Phrase grounding data:

------------------------------------------------------------

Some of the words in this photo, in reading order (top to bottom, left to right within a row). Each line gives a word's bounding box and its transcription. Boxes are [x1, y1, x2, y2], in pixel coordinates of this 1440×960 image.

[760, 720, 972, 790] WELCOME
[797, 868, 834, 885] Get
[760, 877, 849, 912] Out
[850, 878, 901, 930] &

------------------------------------------------------------

[Task requirements]: The records are to be retyped exactly. No line may be skipped.

[Written response]:
Some of the words in this photo, in reading order (top to bottom, left to right within a row). Each line gives a word's bounding box and its transcription. Boxes are [x1, y1, x2, y2], in pixel coordinates of this 1440×960 image.

[760, 720, 972, 790] WELCOME
[797, 868, 834, 885] Get
[760, 877, 849, 912] Out
[850, 878, 901, 930] &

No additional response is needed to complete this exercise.